Sua prática costuma ser malvista por trazer a ideia de


violência e ser identificada como um resquício de justiça
privada.

Sua utilização sempre foi considerada uma alternativa ante


a falta de poder do Estado para definir as querelas, o que
ocorreu no Direito romano, anteriormente ao período de
cognitio extra ordinem; a partir de tal fase, o Estado
passou a ditar a solução dos conflitos de interesses.

Tendo sido a primeira resposta encontrada pelo indivíduo


para resolver suas controvérsias, a autotutela era
considerada um instrumento precário e aleatório; por este
prisma, ela não seria apta a garantir propriamente justiça,
mas sim a vitória do mais forte, esperto ou ousado sobre o
mais fraco ou tímido.

Na autodefesa, os antagonistas resolvem o conflito pela


imposição do interesse de um deles com o sacrifício do
interesse do outro; Niceto Alcalá-Zamora y Castillo refere-
se a tal hipótese como solução “egoísta do litígio”.
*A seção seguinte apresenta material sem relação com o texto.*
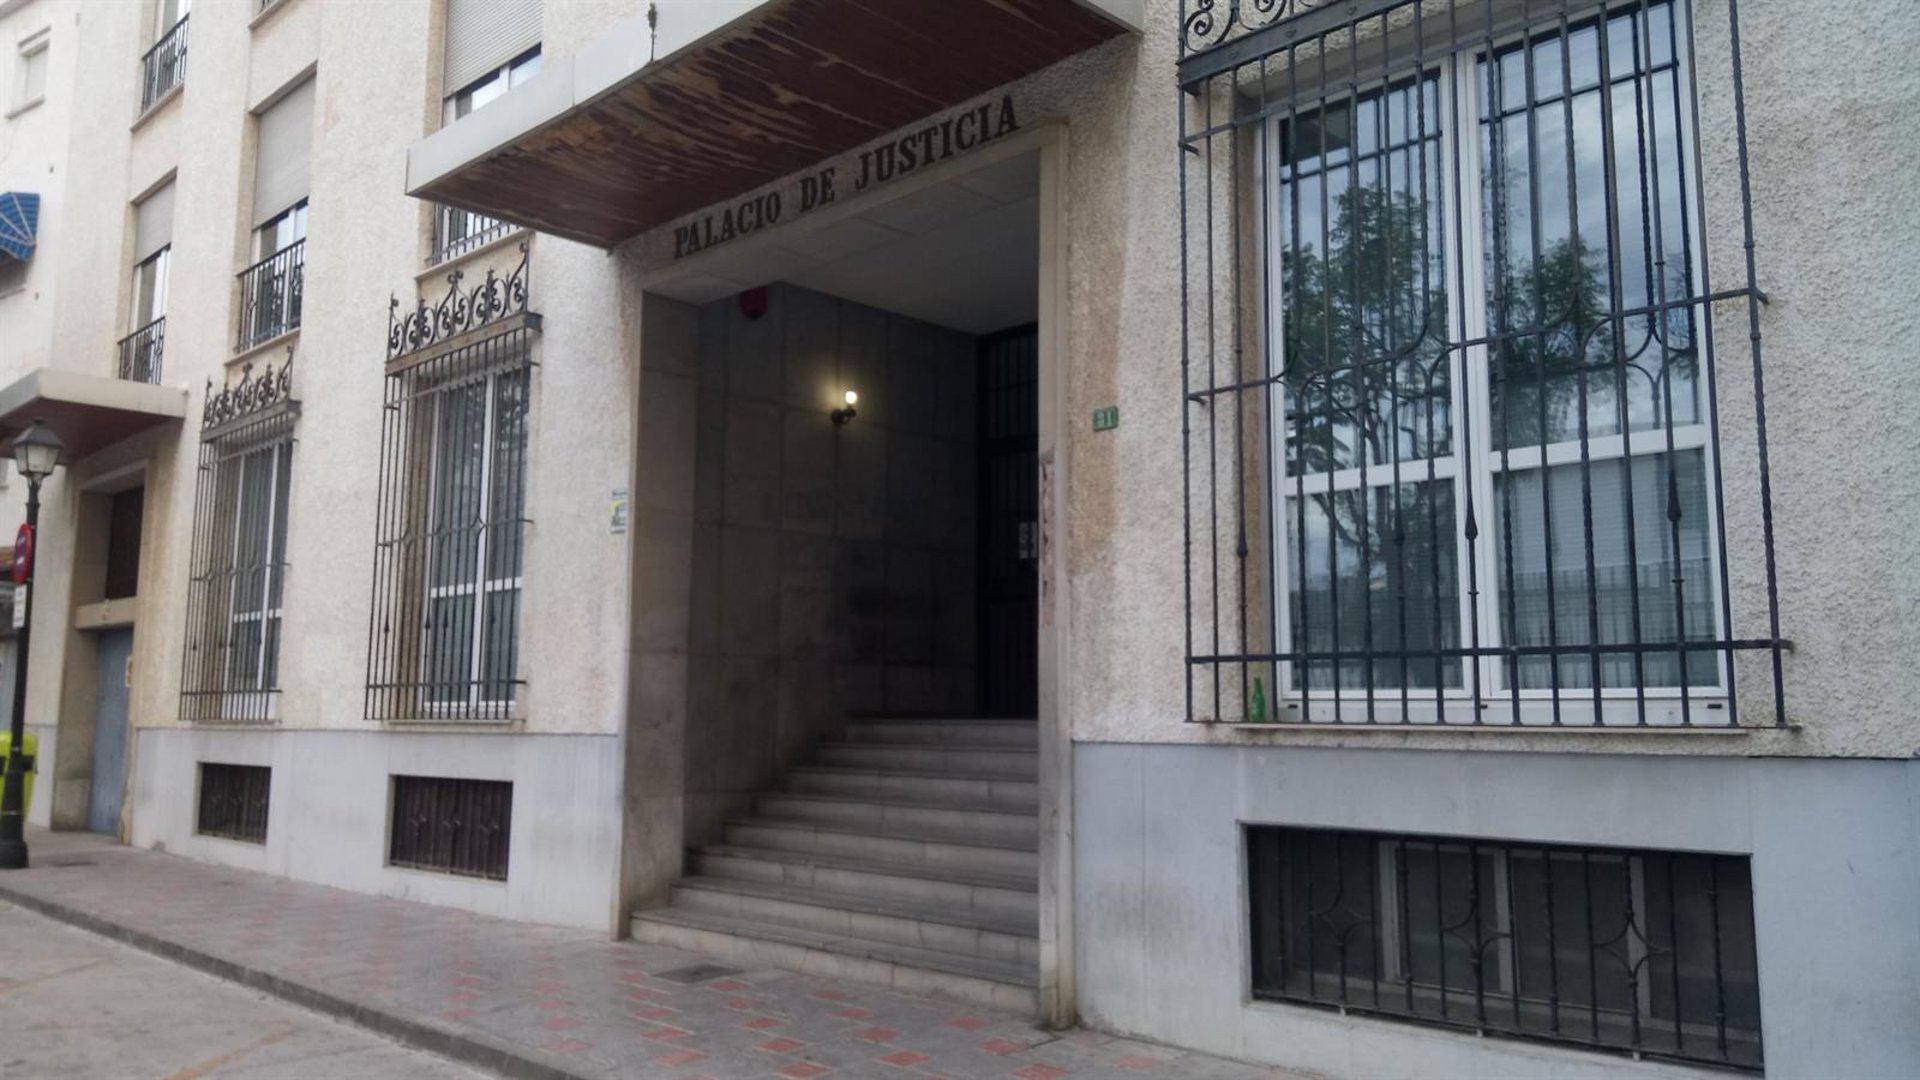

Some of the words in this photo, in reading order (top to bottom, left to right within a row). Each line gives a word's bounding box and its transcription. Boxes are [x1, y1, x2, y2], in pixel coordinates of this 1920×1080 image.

Segundo Giuseppe Chiovenda, a autodefesa constitui uma


atividade “meramente privada, movida por impulsos e
intenções particulares e egoísticos, embora consentidos e
moderados pelo Estado”. Quanto mais se reforça a
organização política, mais se restringe o campo da
autodefesa, tendo em vista a natural expansão da atuação
estatal.

O autor italiano ressalta que não há como comparar a


autotutela com a atividade estatal de composição de
conflitos, ainda que o resultado econômico possa ser
idêntico.

A autodefesa constituiria “uma atividade meramente privada,


movida por impulsos e intenções particulares e egoísticos,
embora consentidos pelo Estado”.

A conclusão genérica sobre a negatividade da autodefesa,


todavia, nem sempre se revela apropriada: em situações como
a de estado de necessidade ou legítima defesa, a atuação é
pertinente por força do perigo vivenciado. O instinto de
sobrevivência torna natural a pronta reação do indivíduo,
especialmente considerando a impossibilidade de amparo
(suficientemente célere) pelo Poder Estatal em situações
críticas.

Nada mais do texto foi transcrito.